Health care leaders, some more reluctantly than others, are joining a growing national conversation about treating patients as consumers. To be direct, they are facing the fact that the hospital community is not very consumer-friendly when it comes to the total patient experience.

How can we deliver the most personal service there is, and not be consumer-friendly? During a recent American Hospital Association event, Providence CEO and President Rod Hochman, M.D., laid it out, “We’re not putting them at the center of everything that has to be done.”

For a very long time we have delivered care to patients, not with them.

We did not think of a patient as part of the care process. We did not provide information that gave them choices. We said, “This is the problem and we will do xyz to fix it.” We believed that delivering a good outcome equated to a good patient experience.

That approach to care must change. As individuals are asked to spend more of their own money on health care services, they have heightened expectations about health care value and the customer experience. Consumer expectations in health care are higher, and personalized service has become a standard for “quality.”

In 2014, HAP commissioned comprehensive consumer market research to help our members better understand the public’s thinking about Pennsylvania hospitals and how they deliver health care. The results tell us that hospitals need to deliver care based on the consumer’s idea of value––the total experience––not the hospital’s idea of value.

Health care providers measure value through cost and quality outcomes. The health care consumer expects quality, wants transparency in costs, but most important, wants an emotionally satisfying, compassionate, high-touch experience.

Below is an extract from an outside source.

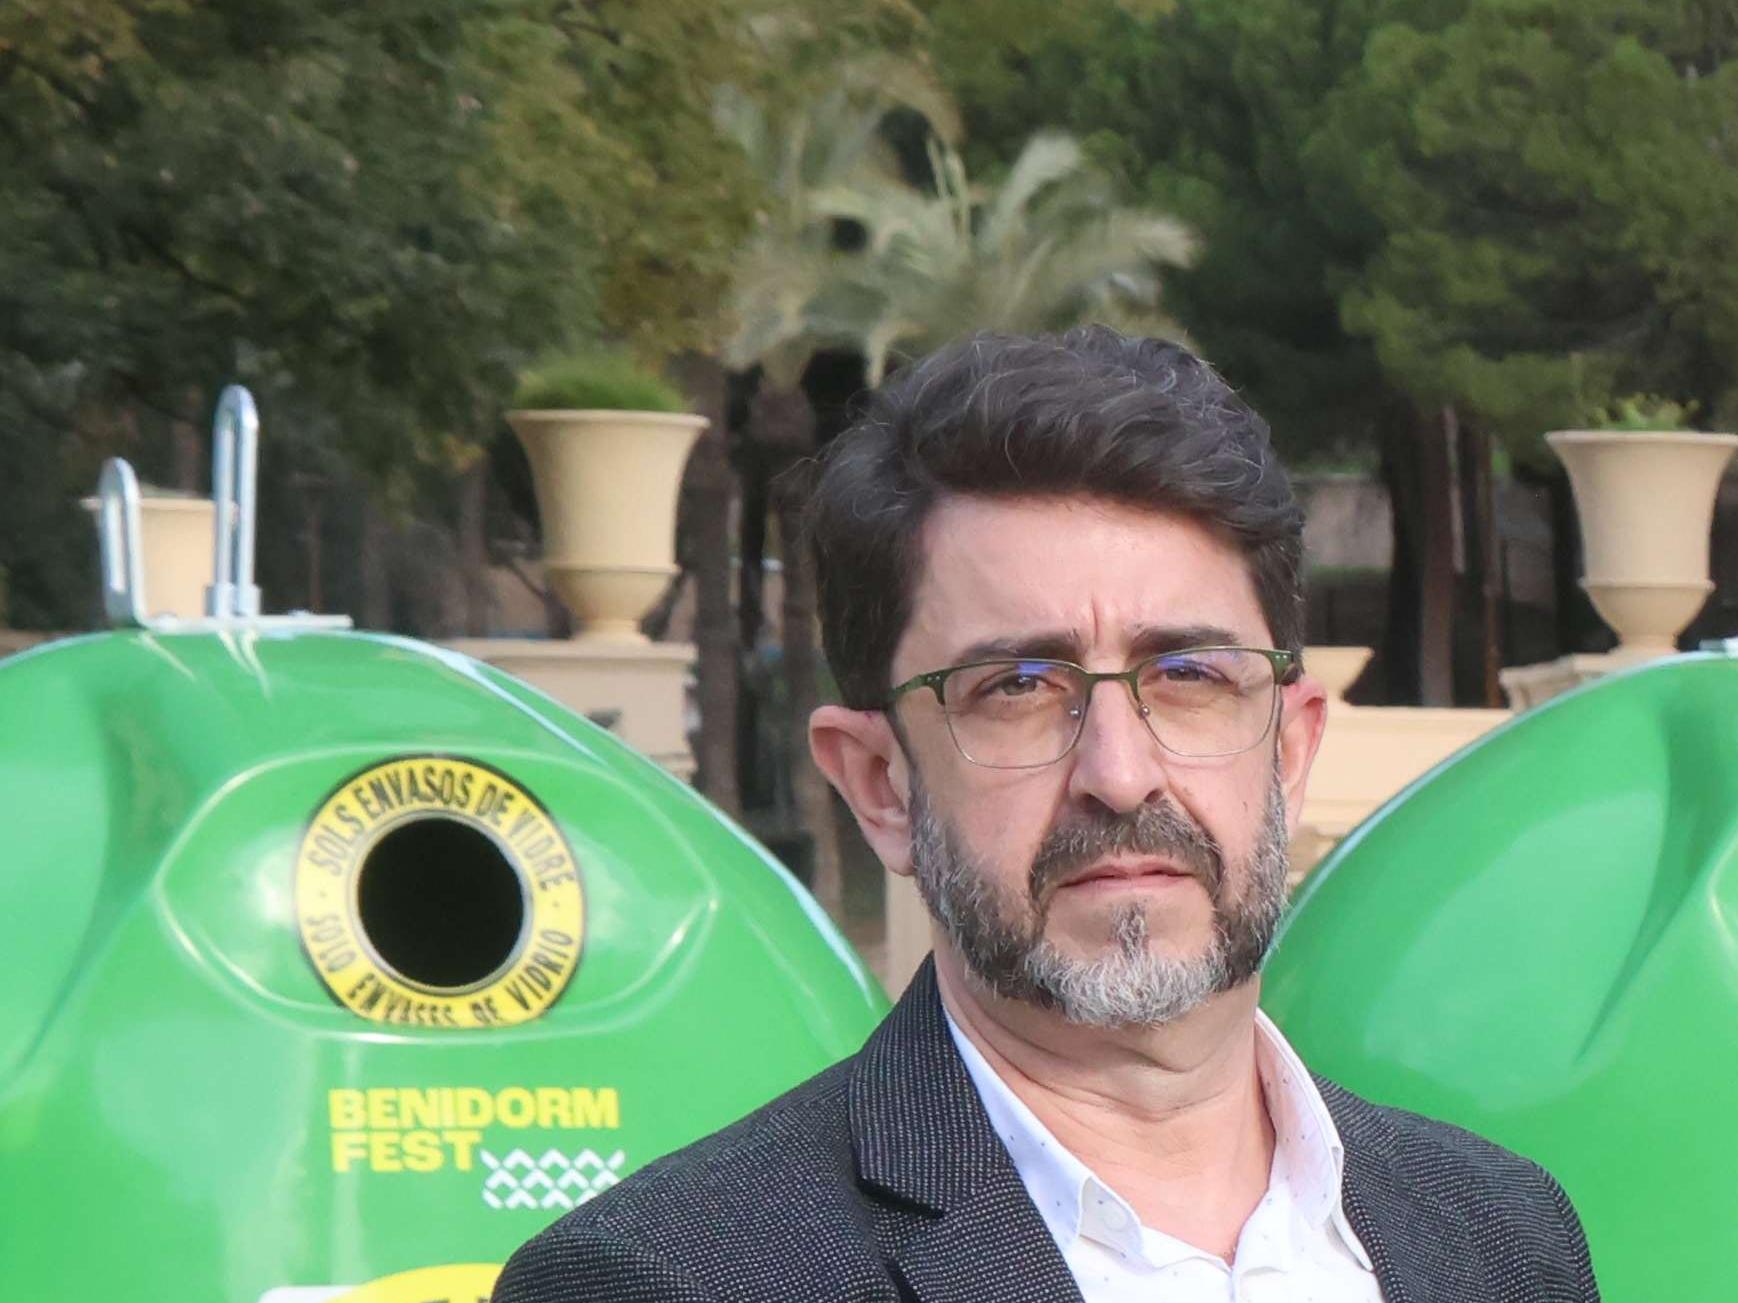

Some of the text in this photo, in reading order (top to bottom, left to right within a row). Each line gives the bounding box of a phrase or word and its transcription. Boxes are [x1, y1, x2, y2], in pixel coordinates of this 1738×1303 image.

[307, 765, 576, 891] SOLS ENVASOS DE VIDRE
[505, 929, 574, 1011] VIDRIO
[328, 1087, 620, 1129] BENIDORM
[330, 1130, 483, 1173] FEST

HAP’s research told us that consumers:

  • Are confused by all the changes in health care
  • Want to know they can pay for their care and they want to know costs up front
  • Do not know who is on their side…do not feel in charge of their care
  • Often––more often than we like––view the hospital experience as disorienting and dehumanizing

The total consumer experience begins well before the episode of care. That experience includes a front-end focus on helping them make informed decisions through transparency on quality and costs. Studies show financial interactions are just as important as clinical care in determining patient satisfaction.

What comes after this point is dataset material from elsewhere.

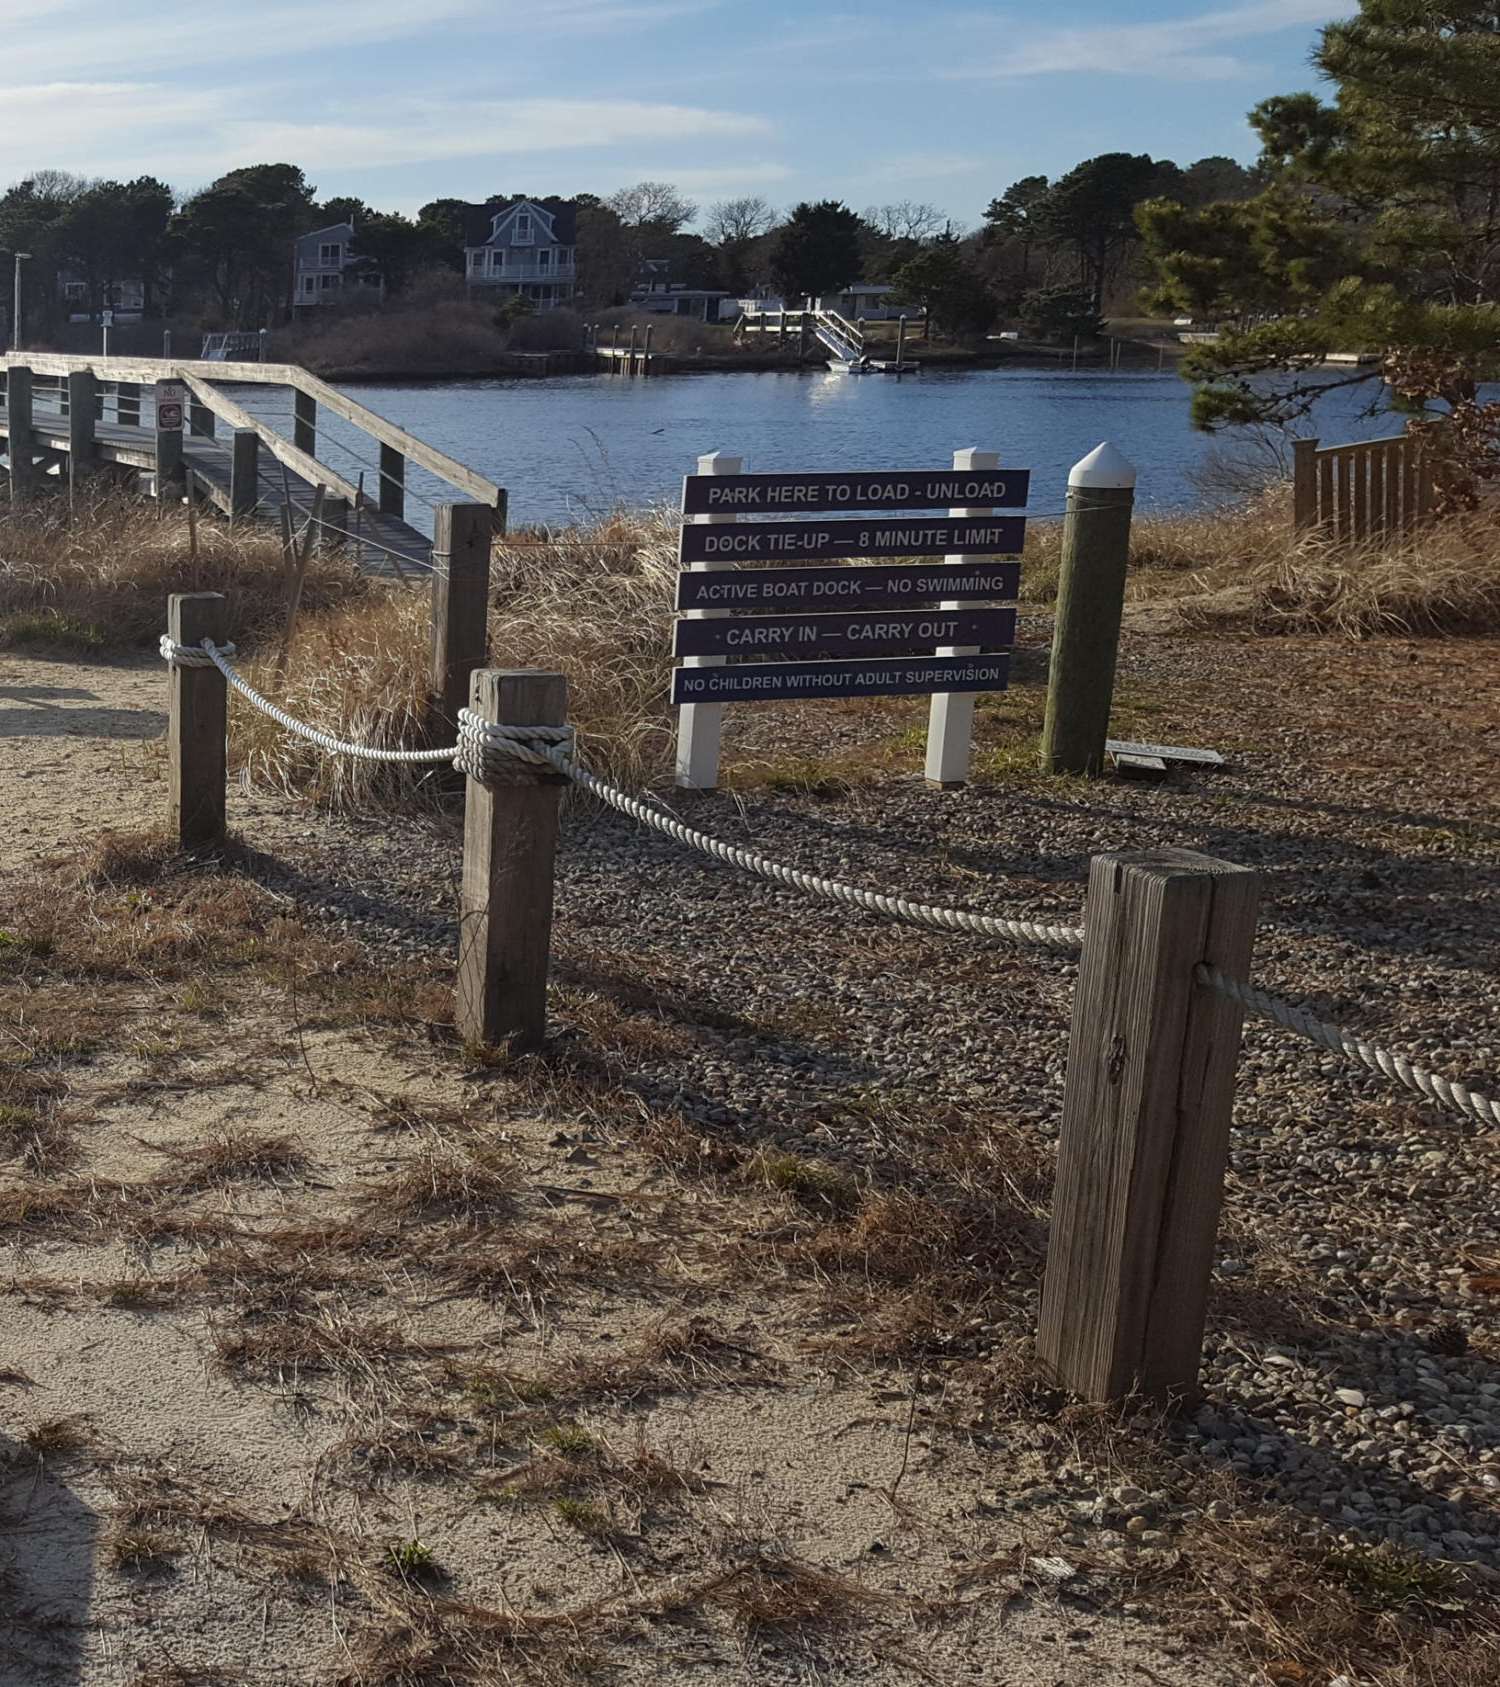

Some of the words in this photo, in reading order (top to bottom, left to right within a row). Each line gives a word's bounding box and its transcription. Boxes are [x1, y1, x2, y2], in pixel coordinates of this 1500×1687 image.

Additionally, the total consumer experience is affected by every point of contact, from the registration staff and housekeeping personnel to the entire clinical team. This requires a cultural commitment starting from the top. Administrators, staff, physicians, nurses, board members, and volunteers must all pledge to put the patient first, at the center of their care.

Putting the patient at the center of their care means, among other things:

  • Setting patient expectations
  • Creating a welcoming, respectful environment
  • Listening to patients concerns

HAP is working with hospitals to adopt principles and operational guidelines that improve customer financial interactions. We are identifying best practices from experts such as Planetree and the Cleveland Clinic. HAP also created a patient and family engagement advisory council and consumer advisory council to learn from and gain insight from the consumers themselves.

Pennsylvania hospitals strive every day to deliver safe, high quality care. We deliver some of the best care in the world. But on the customer-service side, I think we can all agree, we have a great deal of work to do.